=== GIVEN RECORDS ===

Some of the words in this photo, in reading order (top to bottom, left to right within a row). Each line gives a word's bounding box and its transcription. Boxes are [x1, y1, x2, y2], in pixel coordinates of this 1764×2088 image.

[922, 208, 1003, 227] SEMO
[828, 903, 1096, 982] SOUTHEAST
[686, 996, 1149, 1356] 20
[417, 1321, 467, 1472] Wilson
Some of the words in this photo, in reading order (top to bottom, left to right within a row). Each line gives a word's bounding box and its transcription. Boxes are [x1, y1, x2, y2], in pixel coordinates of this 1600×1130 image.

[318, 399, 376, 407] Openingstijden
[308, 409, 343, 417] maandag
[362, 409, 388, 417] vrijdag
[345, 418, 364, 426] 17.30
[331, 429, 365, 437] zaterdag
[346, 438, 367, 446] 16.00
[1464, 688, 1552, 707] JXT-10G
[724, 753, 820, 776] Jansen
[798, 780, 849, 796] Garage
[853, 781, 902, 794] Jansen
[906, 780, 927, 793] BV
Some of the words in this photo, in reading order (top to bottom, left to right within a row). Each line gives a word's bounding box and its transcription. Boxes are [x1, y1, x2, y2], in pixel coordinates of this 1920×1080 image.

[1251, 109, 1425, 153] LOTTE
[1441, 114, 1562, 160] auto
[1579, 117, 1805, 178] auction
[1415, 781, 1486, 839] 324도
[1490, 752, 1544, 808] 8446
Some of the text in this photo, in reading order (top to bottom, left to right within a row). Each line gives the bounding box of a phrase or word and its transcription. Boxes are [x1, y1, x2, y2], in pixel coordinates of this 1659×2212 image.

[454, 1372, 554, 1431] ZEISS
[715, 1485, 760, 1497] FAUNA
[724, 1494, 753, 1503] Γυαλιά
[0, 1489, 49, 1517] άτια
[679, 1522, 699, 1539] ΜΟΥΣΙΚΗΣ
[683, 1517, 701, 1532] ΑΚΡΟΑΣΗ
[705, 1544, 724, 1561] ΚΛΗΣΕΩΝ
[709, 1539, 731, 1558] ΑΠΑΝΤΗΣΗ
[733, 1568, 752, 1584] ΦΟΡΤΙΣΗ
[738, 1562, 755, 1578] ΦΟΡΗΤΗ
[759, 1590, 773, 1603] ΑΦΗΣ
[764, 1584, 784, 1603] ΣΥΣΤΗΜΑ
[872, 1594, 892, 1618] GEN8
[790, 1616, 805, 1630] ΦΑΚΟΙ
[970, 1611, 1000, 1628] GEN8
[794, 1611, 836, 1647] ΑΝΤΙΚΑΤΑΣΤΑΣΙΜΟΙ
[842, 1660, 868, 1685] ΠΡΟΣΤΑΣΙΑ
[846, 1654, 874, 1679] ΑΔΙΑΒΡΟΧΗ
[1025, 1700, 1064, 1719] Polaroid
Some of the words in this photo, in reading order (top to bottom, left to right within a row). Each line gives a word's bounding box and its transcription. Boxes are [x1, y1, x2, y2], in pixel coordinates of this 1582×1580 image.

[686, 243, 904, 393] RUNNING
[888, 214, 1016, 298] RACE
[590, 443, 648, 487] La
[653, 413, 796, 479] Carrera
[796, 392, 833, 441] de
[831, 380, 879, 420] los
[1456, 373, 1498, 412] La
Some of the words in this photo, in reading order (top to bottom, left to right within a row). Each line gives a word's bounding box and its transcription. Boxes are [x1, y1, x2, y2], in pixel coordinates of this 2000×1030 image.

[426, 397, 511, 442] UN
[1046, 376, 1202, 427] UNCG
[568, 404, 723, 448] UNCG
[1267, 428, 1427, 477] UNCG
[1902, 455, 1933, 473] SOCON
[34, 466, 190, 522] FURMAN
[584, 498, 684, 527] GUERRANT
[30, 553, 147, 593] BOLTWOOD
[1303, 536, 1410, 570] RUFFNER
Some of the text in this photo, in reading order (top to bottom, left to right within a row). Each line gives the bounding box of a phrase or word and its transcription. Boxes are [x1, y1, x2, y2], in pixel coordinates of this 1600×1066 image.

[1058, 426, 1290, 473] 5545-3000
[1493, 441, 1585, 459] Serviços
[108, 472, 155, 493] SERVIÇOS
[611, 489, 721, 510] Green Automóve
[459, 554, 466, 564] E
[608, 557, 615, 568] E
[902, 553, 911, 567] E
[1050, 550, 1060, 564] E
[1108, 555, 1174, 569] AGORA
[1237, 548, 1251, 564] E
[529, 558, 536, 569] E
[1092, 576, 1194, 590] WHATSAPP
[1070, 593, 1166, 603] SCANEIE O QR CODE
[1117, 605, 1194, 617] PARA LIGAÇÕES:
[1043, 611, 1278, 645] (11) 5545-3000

===

» **WHAT TO DO**
The full listing, repeated exactly, is the expected answer.

» **EXERCISE SOLUTION**
Some of the words in this photo, in reading order (top to bottom, left to right within a row). Each line gives a word's bounding box and its transcription. Boxes are [x1, y1, x2, y2], in pixel coordinates of this 1764×2088 image.

[922, 208, 1003, 227] SEMO
[828, 903, 1096, 982] SOUTHEAST
[686, 996, 1149, 1356] 20
[417, 1321, 467, 1472] Wilson
Some of the words in this photo, in reading order (top to bottom, left to right within a row). Each line gives a word's bounding box and its transcription. Boxes are [x1, y1, x2, y2], in pixel coordinates of this 1600×1130 image.

[318, 399, 376, 407] Openingstijden
[308, 409, 343, 417] maandag
[362, 409, 388, 417] vrijdag
[345, 418, 364, 426] 17.30
[331, 429, 365, 437] zaterdag
[346, 438, 367, 446] 16.00
[1464, 688, 1552, 707] JXT-10G
[724, 753, 820, 776] Jansen
[798, 780, 849, 796] Garage
[853, 781, 902, 794] Jansen
[906, 780, 927, 793] BV
Some of the words in this photo, in reading order (top to bottom, left to right within a row). Each line gives a word's bounding box and its transcription. Boxes are [x1, y1, x2, y2], in pixel coordinates of this 1920×1080 image.

[1251, 109, 1425, 153] LOTTE
[1441, 114, 1562, 160] auto
[1579, 117, 1805, 178] auction
[1415, 781, 1486, 839] 324도
[1490, 752, 1544, 808] 8446
Some of the text in this photo, in reading order (top to bottom, left to right within a row). Each line gives the bounding box of a phrase or word and its transcription. Boxes are [x1, y1, x2, y2], in pixel coordinates of this 1659×2212 image.

[454, 1372, 554, 1431] ZEISS
[715, 1485, 760, 1497] FAUNA
[724, 1494, 753, 1503] Γυαλιά
[0, 1489, 49, 1517] άτια
[679, 1522, 699, 1539] ΜΟΥΣΙΚΗΣ
[683, 1517, 701, 1532] ΑΚΡΟΑΣΗ
[705, 1544, 724, 1561] ΚΛΗΣΕΩΝ
[709, 1539, 731, 1558] ΑΠΑΝΤΗΣΗ
[733, 1568, 752, 1584] ΦΟΡΤΙΣΗ
[738, 1562, 755, 1578] ΦΟΡΗΤΗ
[759, 1590, 773, 1603] ΑΦΗΣ
[764, 1584, 784, 1603] ΣΥΣΤΗΜΑ
[872, 1594, 892, 1618] GEN8
[790, 1616, 805, 1630] ΦΑΚΟΙ
[970, 1611, 1000, 1628] GEN8
[794, 1611, 836, 1647] ΑΝΤΙΚΑΤΑΣΤΑΣΙΜΟΙ
[842, 1660, 868, 1685] ΠΡΟΣΤΑΣΙΑ
[846, 1654, 874, 1679] ΑΔΙΑΒΡΟΧΗ
[1025, 1700, 1064, 1719] Polaroid
Some of the words in this photo, in reading order (top to bottom, left to right within a row). Each line gives a word's bounding box and its transcription. Boxes are [x1, y1, x2, y2], in pixel coordinates of this 1582×1580 image.

[686, 243, 904, 393] RUNNING
[888, 214, 1016, 298] RACE
[590, 443, 648, 487] La
[653, 413, 796, 479] Carrera
[796, 392, 833, 441] de
[831, 380, 879, 420] los
[1456, 373, 1498, 412] La
Some of the words in this photo, in reading order (top to bottom, left to right within a row). Each line gives a word's bounding box and its transcription. Boxes are [x1, y1, x2, y2], in pixel coordinates of this 2000×1030 image.

[426, 397, 511, 442] UN
[1046, 376, 1202, 427] UNCG
[568, 404, 723, 448] UNCG
[1267, 428, 1427, 477] UNCG
[1902, 455, 1933, 473] SOCON
[34, 466, 190, 522] FURMAN
[584, 498, 684, 527] GUERRANT
[30, 553, 147, 593] BOLTWOOD
[1303, 536, 1410, 570] RUFFNER
Some of the text in this photo, in reading order (top to bottom, left to right within a row). Each line gives the bounding box of a phrase or word and its transcription. Boxes are [x1, y1, x2, y2], in pixel coordinates of this 1600×1066 image.

[1058, 426, 1290, 473] 5545-3000
[1493, 441, 1585, 459] Serviços
[108, 472, 155, 493] SERVIÇOS
[611, 489, 721, 510] Green Automóve
[459, 554, 466, 564] E
[608, 557, 615, 568] E
[902, 553, 911, 567] E
[1050, 550, 1060, 564] E
[1108, 555, 1174, 569] AGORA
[1237, 548, 1251, 564] E
[529, 558, 536, 569] E
[1092, 576, 1194, 590] WHATSAPP
[1070, 593, 1166, 603] SCANEIE O QR CODE
[1117, 605, 1194, 617] PARA LIGAÇÕES:
[1043, 611, 1278, 645] (11) 5545-3000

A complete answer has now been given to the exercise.